Before running the programs:

Activate the conda environment, if not already activated

conda activate <env_name>

K-mer database creation

K-mer databases for genes:

python GeneToKmer.py <region_file> <chr_reference_sequence>.fa <reference_kmer_list> -o <location_for_output_files> -i -gt <location_for_GenomeTester_source_code>

Needs to be run separately for each chromosome, requires the fasta sequence for only one chromosome.
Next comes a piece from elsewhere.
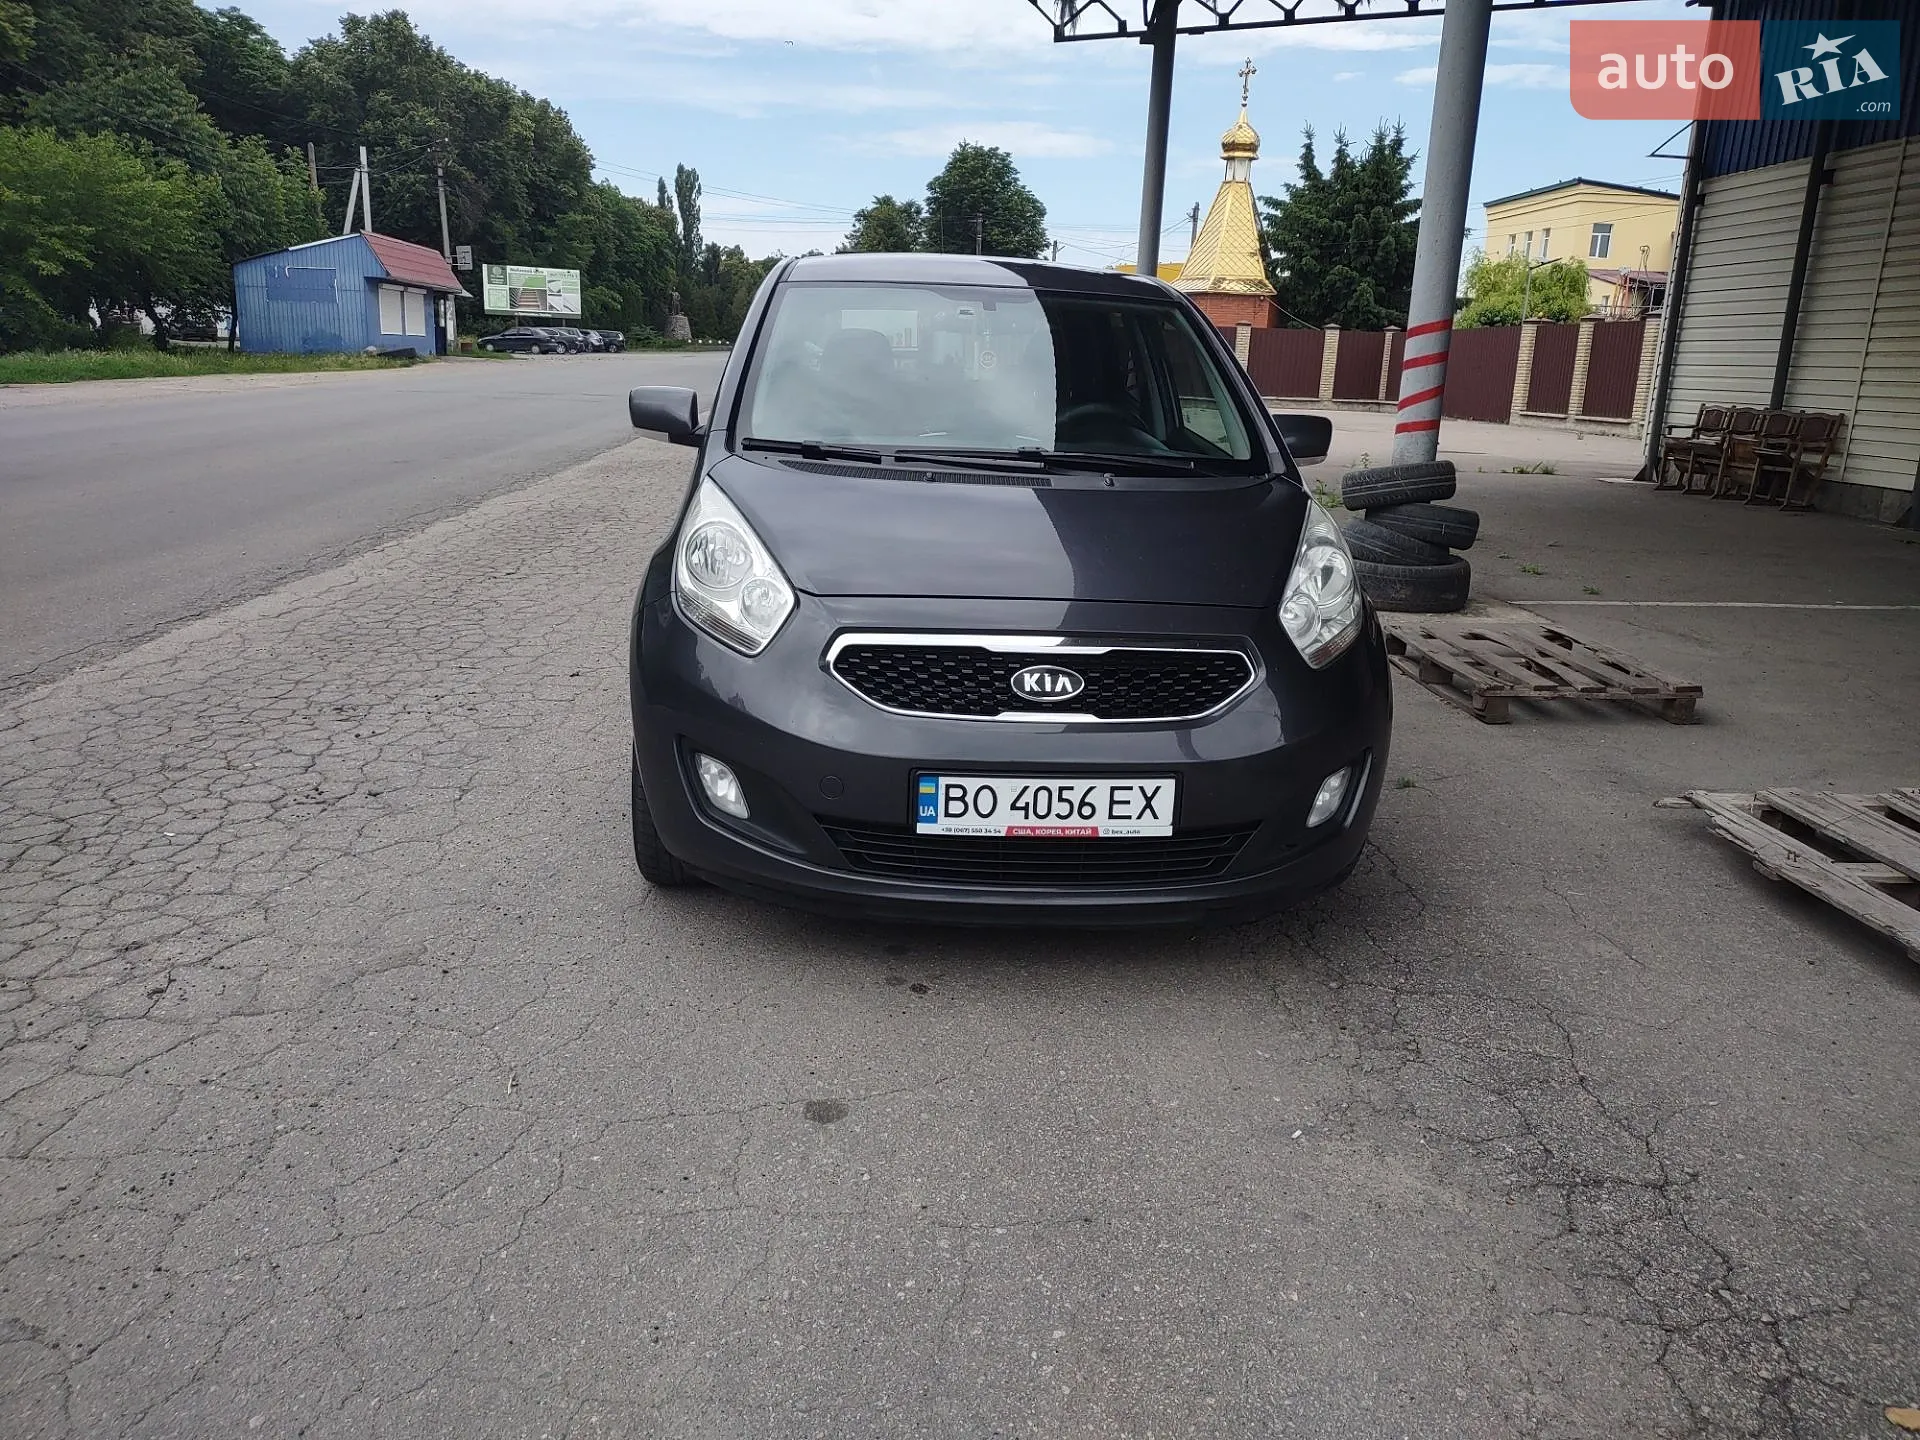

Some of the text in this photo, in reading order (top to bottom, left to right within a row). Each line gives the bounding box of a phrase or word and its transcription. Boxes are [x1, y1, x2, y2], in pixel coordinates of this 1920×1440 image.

[1023, 673, 1073, 692] KIA
[943, 783, 1162, 820] BO 4056 EX
[919, 805, 936, 817] UA
[1012, 828, 1092, 836] США, КОРЕЯ, КИТАЙ
The region (gene) names have to be unique.

Example of the region file (fields separated by a space):

AMY1 G 1:103655290-103664554 1:103687415-103696680 1:103750406-103758690
AMY2A G 1:103616811-103625780
AMY2B G 1:103553815-103579534

Databases of flanking referenence k-mers:

Option 1 (faster) - use premade k-mer databases for human genome (GRCh38):

python extract_flanking_kmers.py <region_file>

To change the default option for the number of flanking k-mers, use -n (default: n=2000).
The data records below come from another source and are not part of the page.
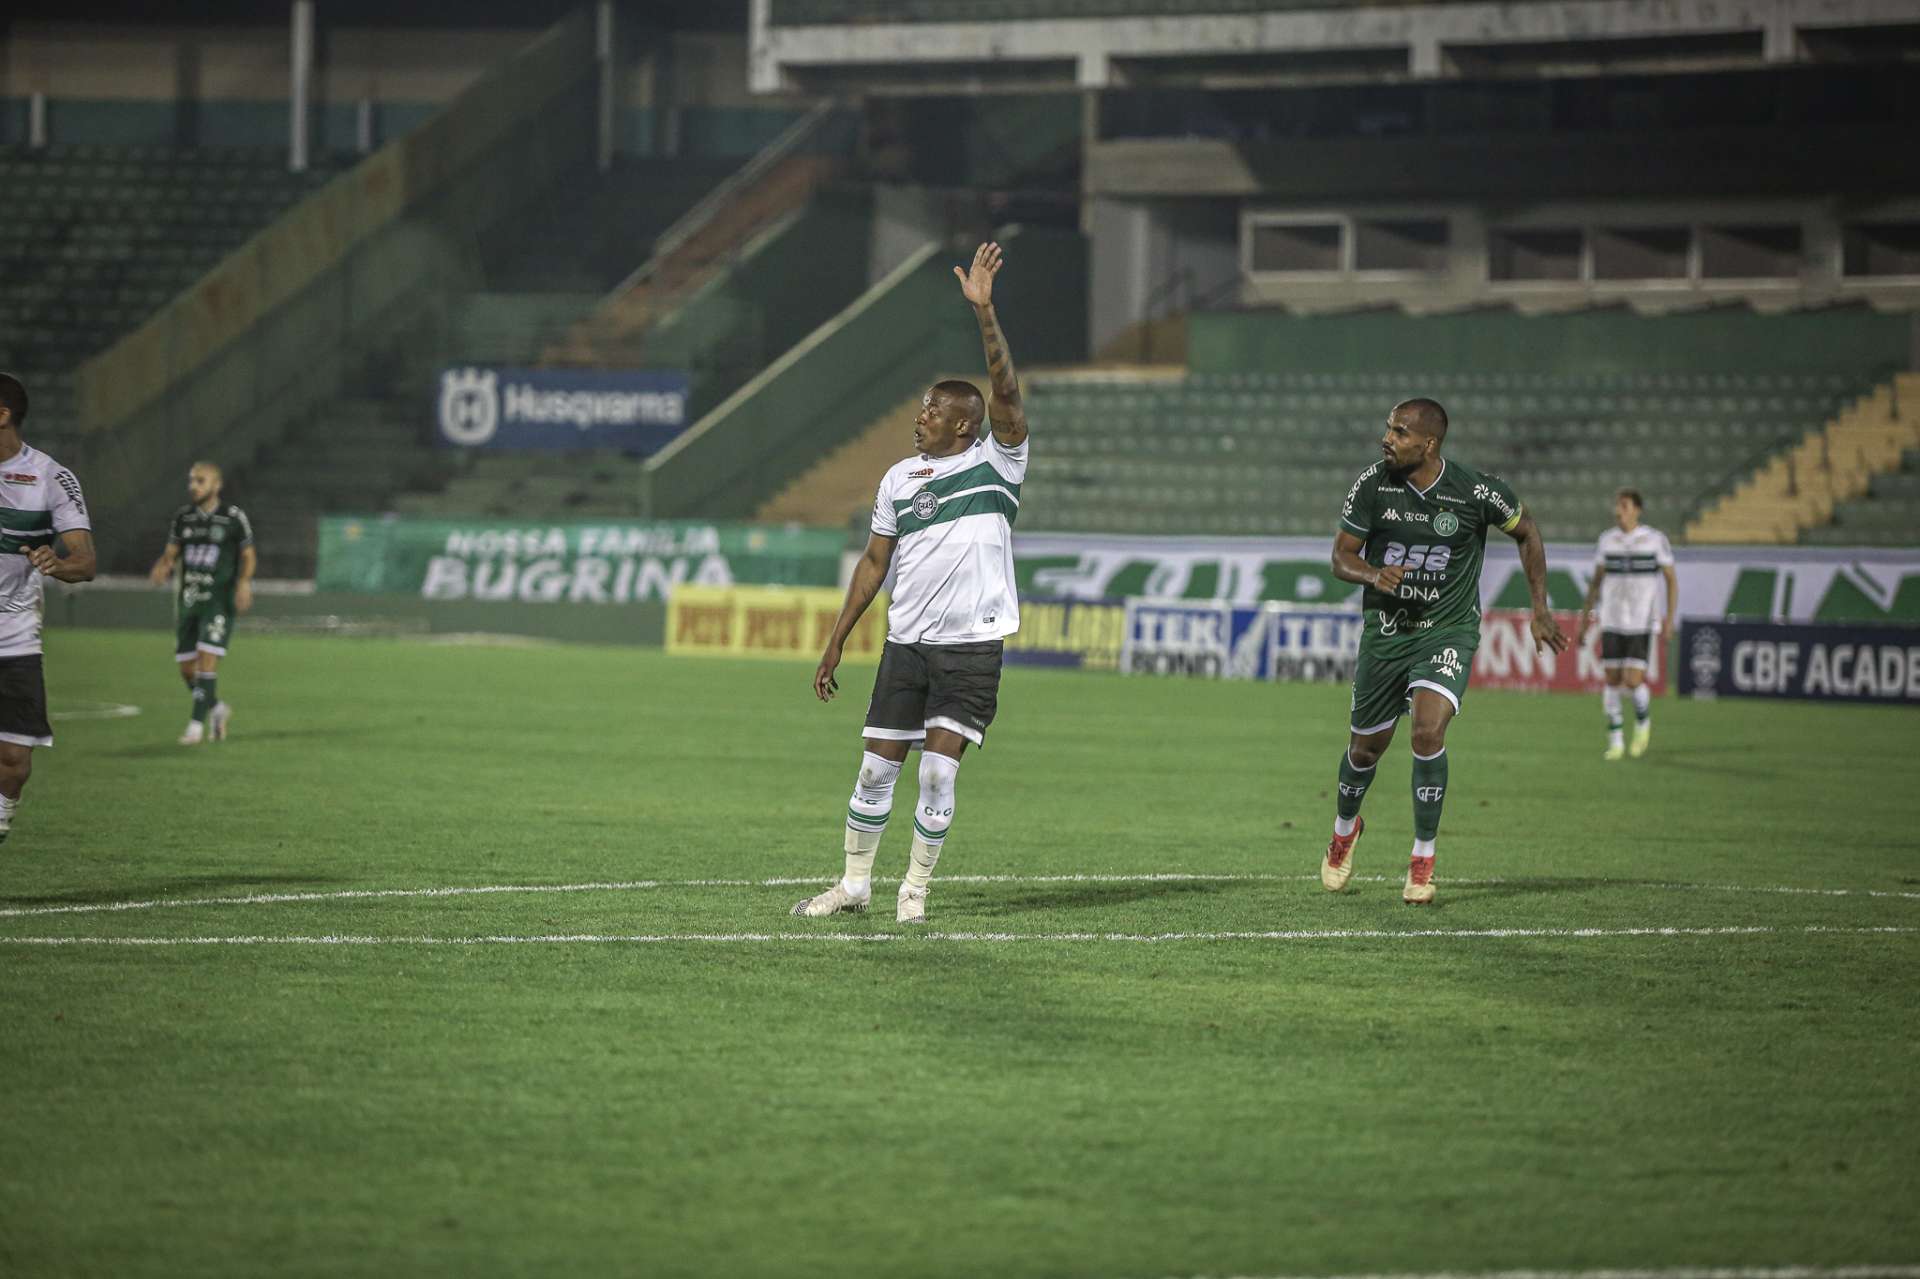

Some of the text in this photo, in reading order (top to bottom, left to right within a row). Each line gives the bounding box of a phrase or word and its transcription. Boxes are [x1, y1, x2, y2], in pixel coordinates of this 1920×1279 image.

[504, 384, 683, 430] Husqvarna
[445, 528, 567, 556] NOSSA
[422, 555, 735, 603] BUGRINA
[1400, 585, 1440, 601] DNA
[1732, 641, 1798, 688] CBF
The script takes a subset of at least n/2 reference k-mers from both sides of each gene (a total of n kmers) using the k-mers in "Kmer_db/Ref_kmers" for human genome. One k-mer database is created for each gene (may contain the same set of k-mers for closely located genes).

Option 2:

Add flanking regions to the region file to create k-mer databases when running GeneToKmer.py

Flanking_AMY F 1:103500000-103550000 1:103760000-103800000

Copy number estimation

Additional files needed

Cat together all the k-mer database files to be able to estimate all the copy numbers with the same run (the order is not important).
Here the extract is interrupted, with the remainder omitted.